** Excerpted records follows **
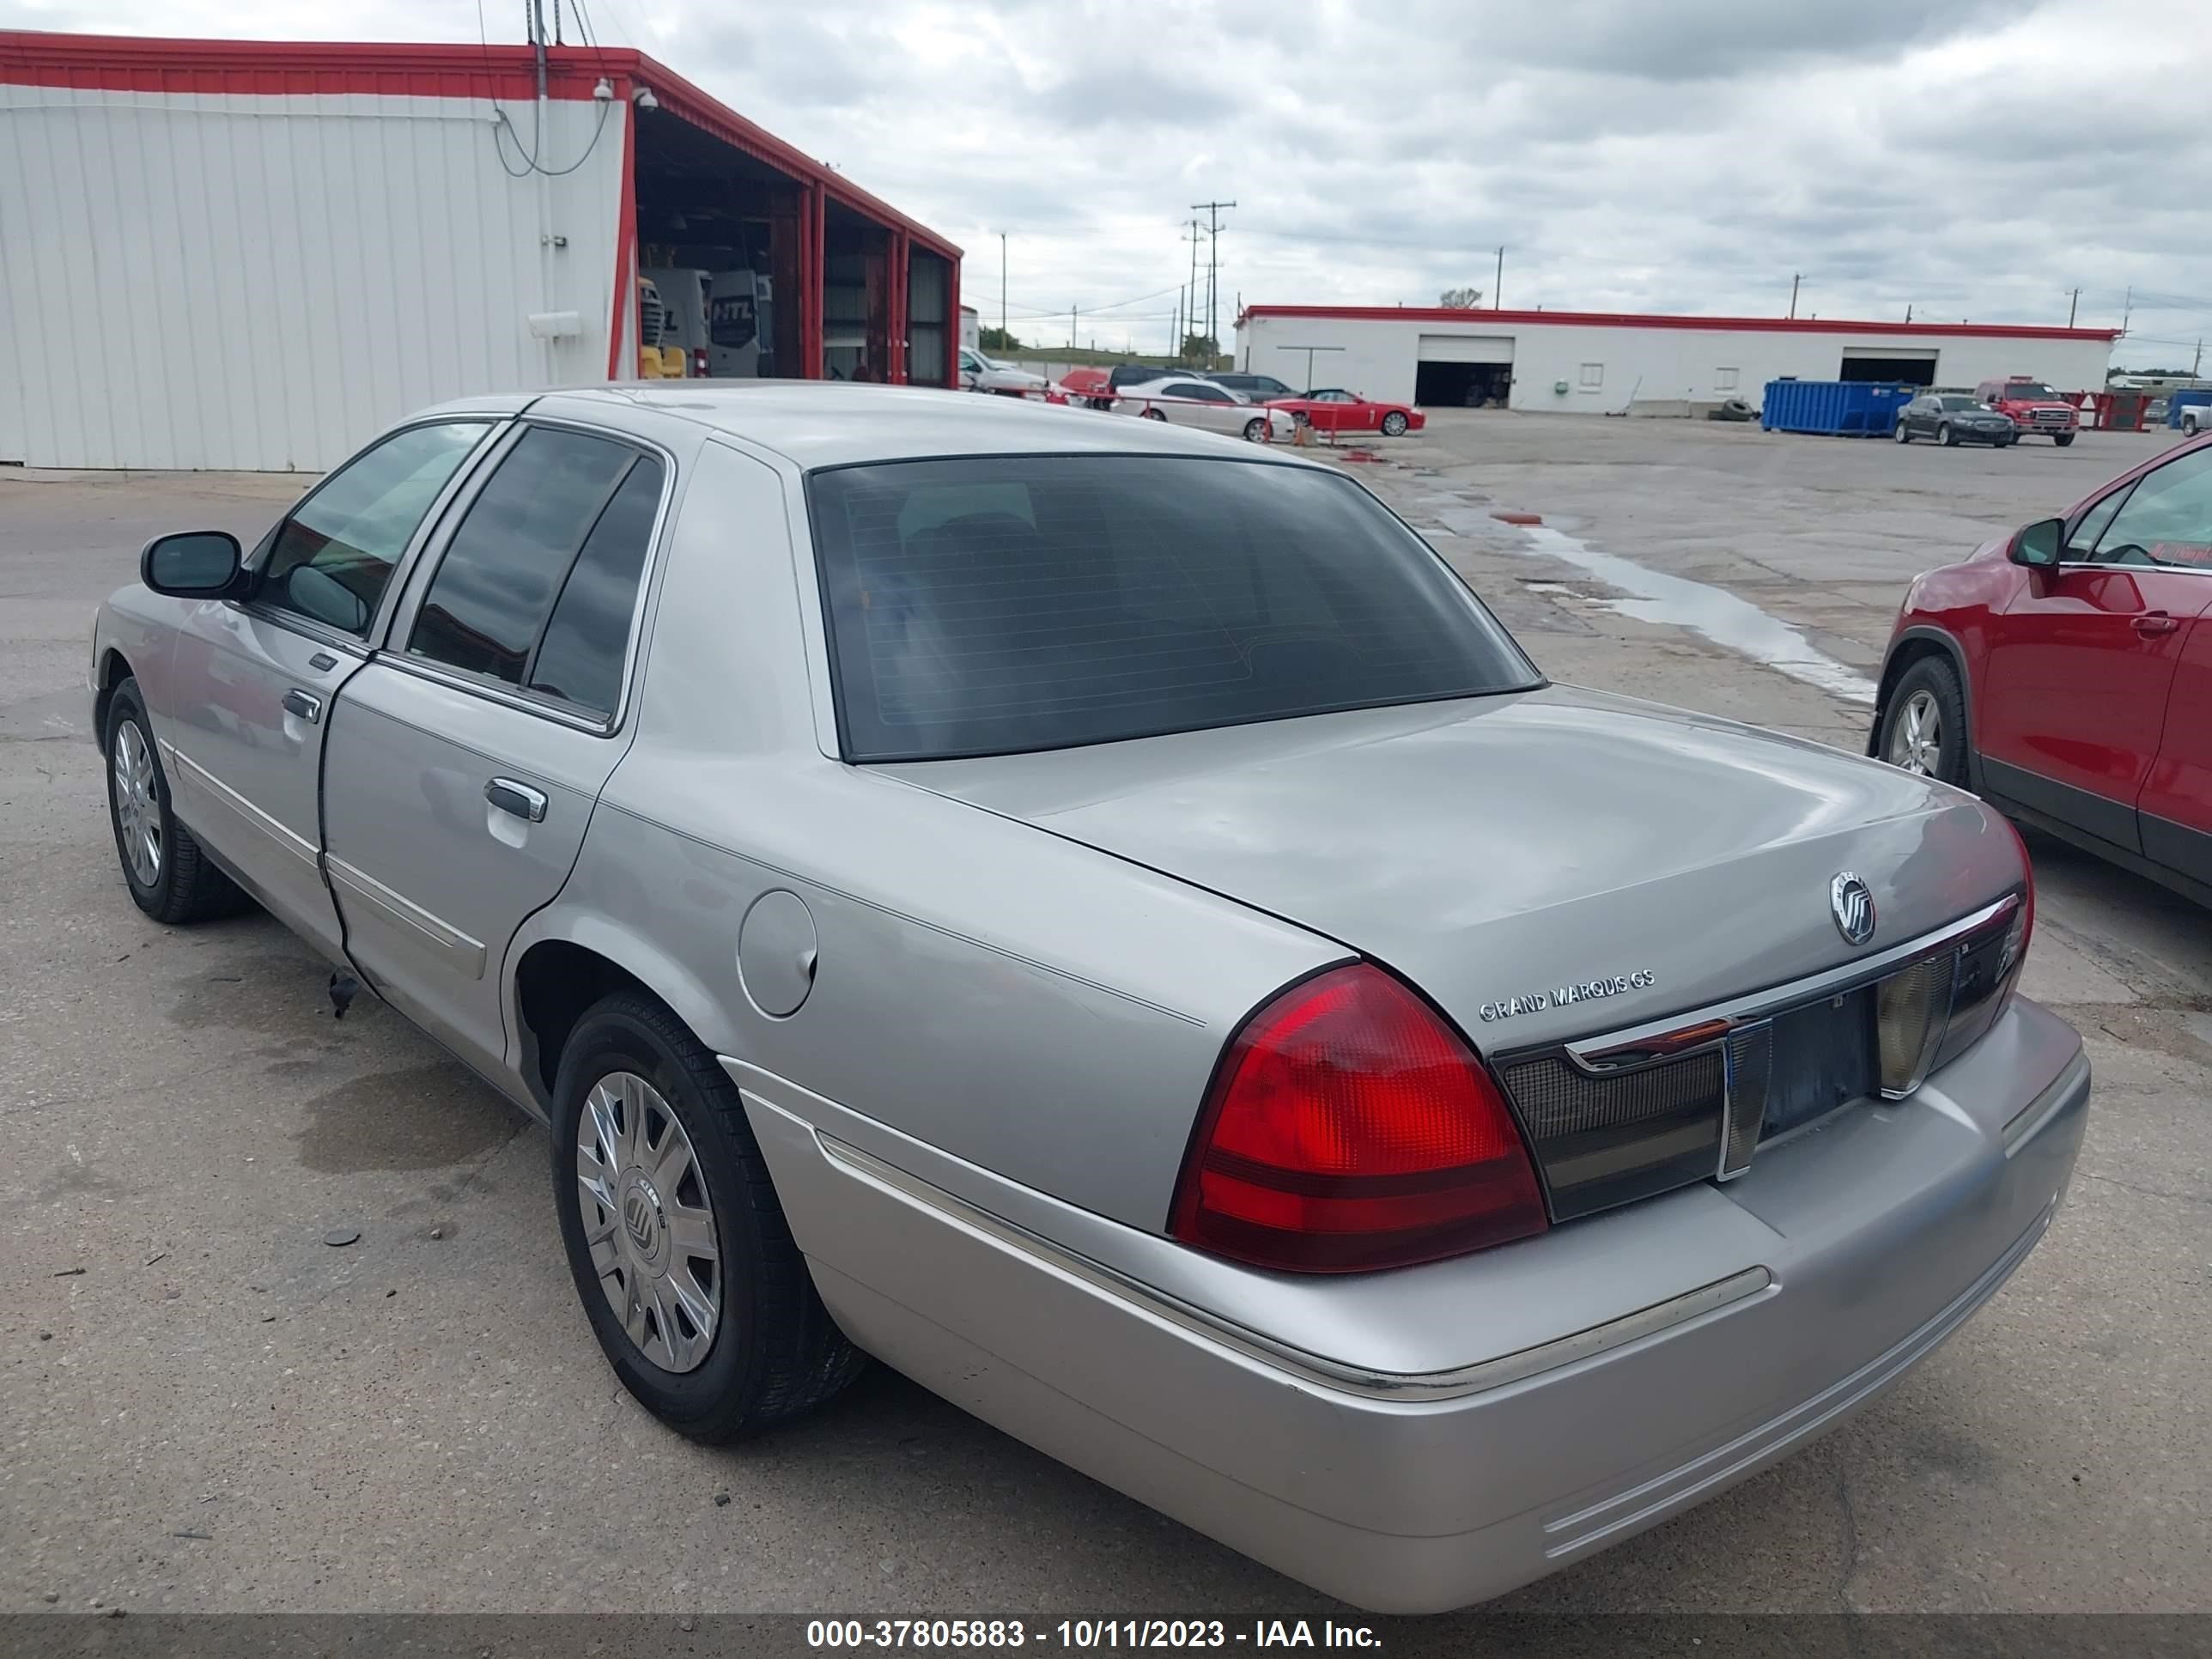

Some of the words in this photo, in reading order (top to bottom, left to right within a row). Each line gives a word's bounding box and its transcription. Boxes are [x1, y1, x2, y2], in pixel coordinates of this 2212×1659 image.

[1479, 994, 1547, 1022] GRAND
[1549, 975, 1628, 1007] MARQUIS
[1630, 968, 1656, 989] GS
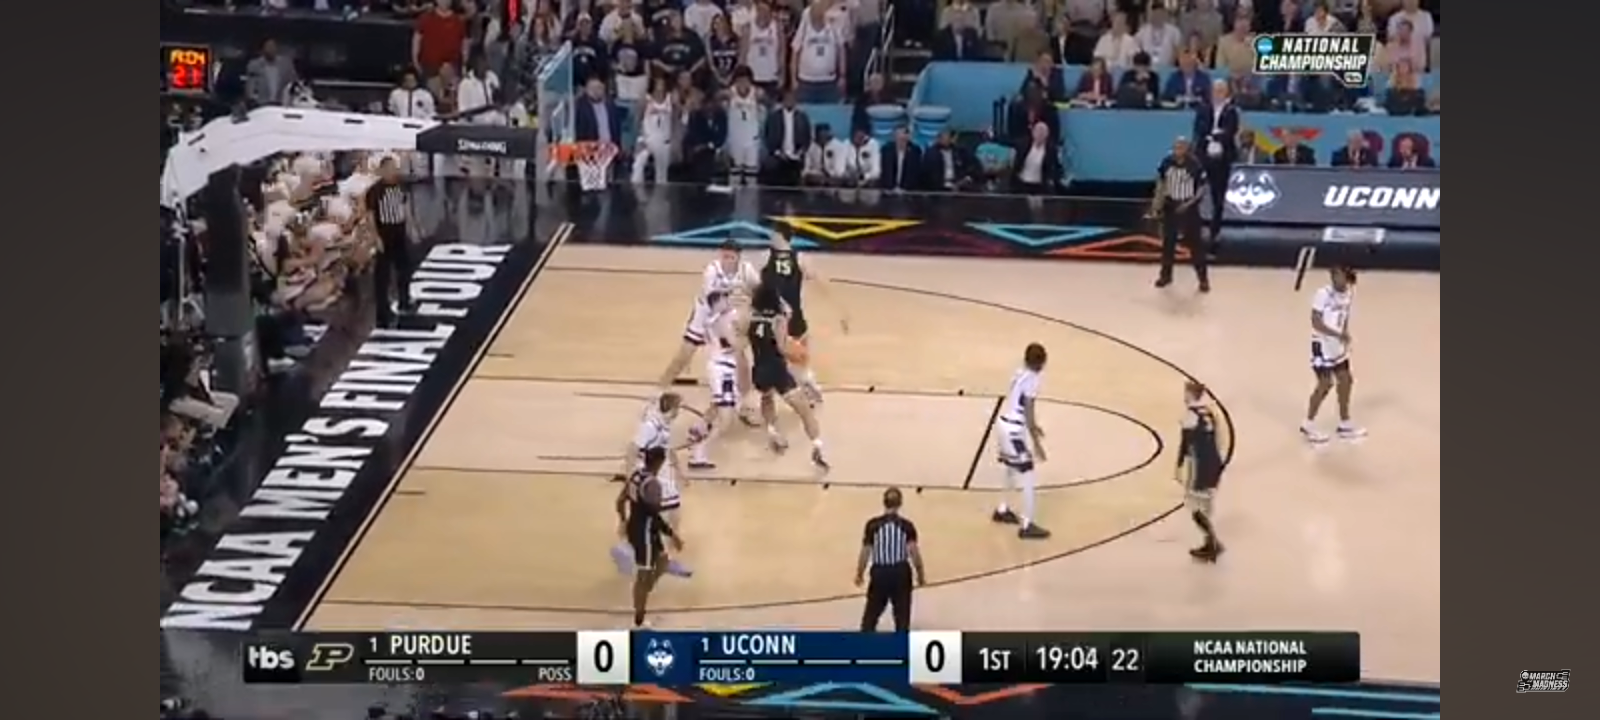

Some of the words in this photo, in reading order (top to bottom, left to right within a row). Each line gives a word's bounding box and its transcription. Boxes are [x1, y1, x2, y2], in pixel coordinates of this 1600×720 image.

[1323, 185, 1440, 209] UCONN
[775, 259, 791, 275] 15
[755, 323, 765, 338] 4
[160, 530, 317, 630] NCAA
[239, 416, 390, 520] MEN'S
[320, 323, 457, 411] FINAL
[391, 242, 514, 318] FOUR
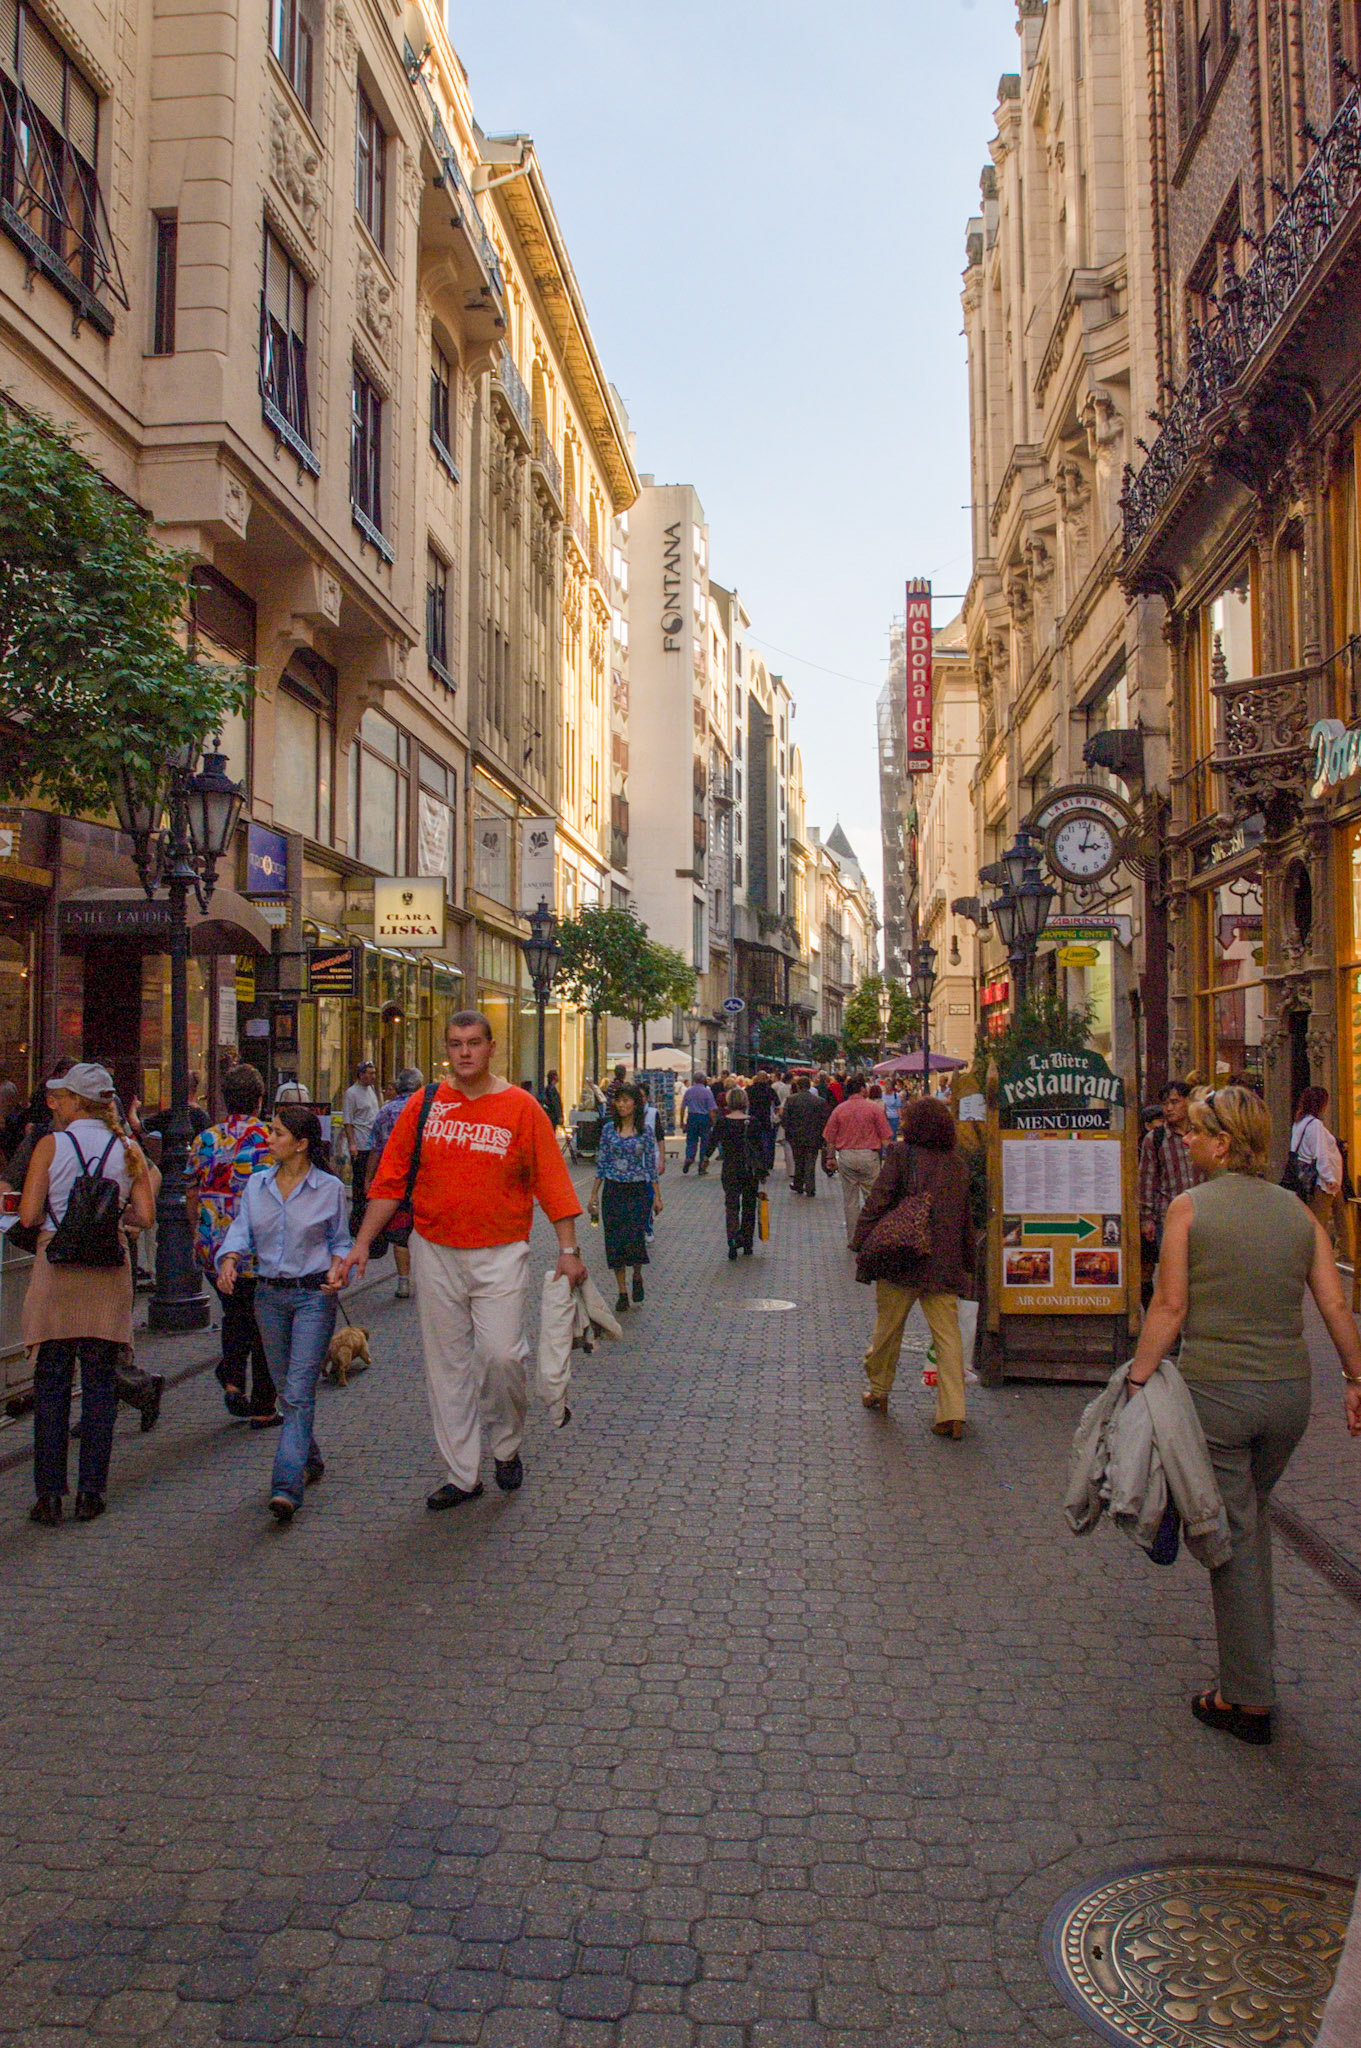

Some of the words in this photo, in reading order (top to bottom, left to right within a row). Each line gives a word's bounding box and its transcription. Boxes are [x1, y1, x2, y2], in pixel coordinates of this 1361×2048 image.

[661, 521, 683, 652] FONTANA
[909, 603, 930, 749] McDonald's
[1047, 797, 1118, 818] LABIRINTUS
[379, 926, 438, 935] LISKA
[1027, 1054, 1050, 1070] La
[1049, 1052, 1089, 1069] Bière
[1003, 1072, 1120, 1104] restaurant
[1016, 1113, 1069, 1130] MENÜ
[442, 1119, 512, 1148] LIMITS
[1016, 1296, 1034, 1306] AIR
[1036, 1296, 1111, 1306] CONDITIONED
** End of Excerpted records **
-- Exercise brief --
Pictures aside, every entry above must be repeated exactly.

-- Answer box --
Some of the words in this photo, in reading order (top to bottom, left to right within a row). Each line gives a word's bounding box and its transcription. Boxes are [x1, y1, x2, y2], in pixel coordinates of this 2212×1659 image.

[1479, 994, 1547, 1022] GRAND
[1549, 975, 1628, 1007] MARQUIS
[1630, 968, 1656, 989] GS

Some of the words in this photo, in reading order (top to bottom, left to right within a row). Each line gives a word's bounding box and its transcription. Boxes are [x1, y1, x2, y2], in pixel coordinates of this 1600×720 image.

[1323, 185, 1440, 209] UCONN
[775, 259, 791, 275] 15
[755, 323, 765, 338] 4
[160, 530, 317, 630] NCAA
[239, 416, 390, 520] MEN'S
[320, 323, 457, 411] FINAL
[391, 242, 514, 318] FOUR

Some of the words in this photo, in reading order (top to bottom, left to right within a row). Each line gives a word's bounding box and its transcription. Boxes are [x1, y1, x2, y2], in pixel coordinates of this 1361×2048 image.

[661, 521, 683, 652] FONTANA
[909, 603, 930, 749] McDonald's
[1047, 797, 1118, 818] LABIRINTUS
[379, 926, 438, 935] LISKA
[1027, 1054, 1050, 1070] La
[1049, 1052, 1089, 1069] Bière
[1003, 1072, 1120, 1104] restaurant
[1016, 1113, 1069, 1130] MENÜ
[442, 1119, 512, 1148] LIMITS
[1016, 1296, 1034, 1306] AIR
[1036, 1296, 1111, 1306] CONDITIONED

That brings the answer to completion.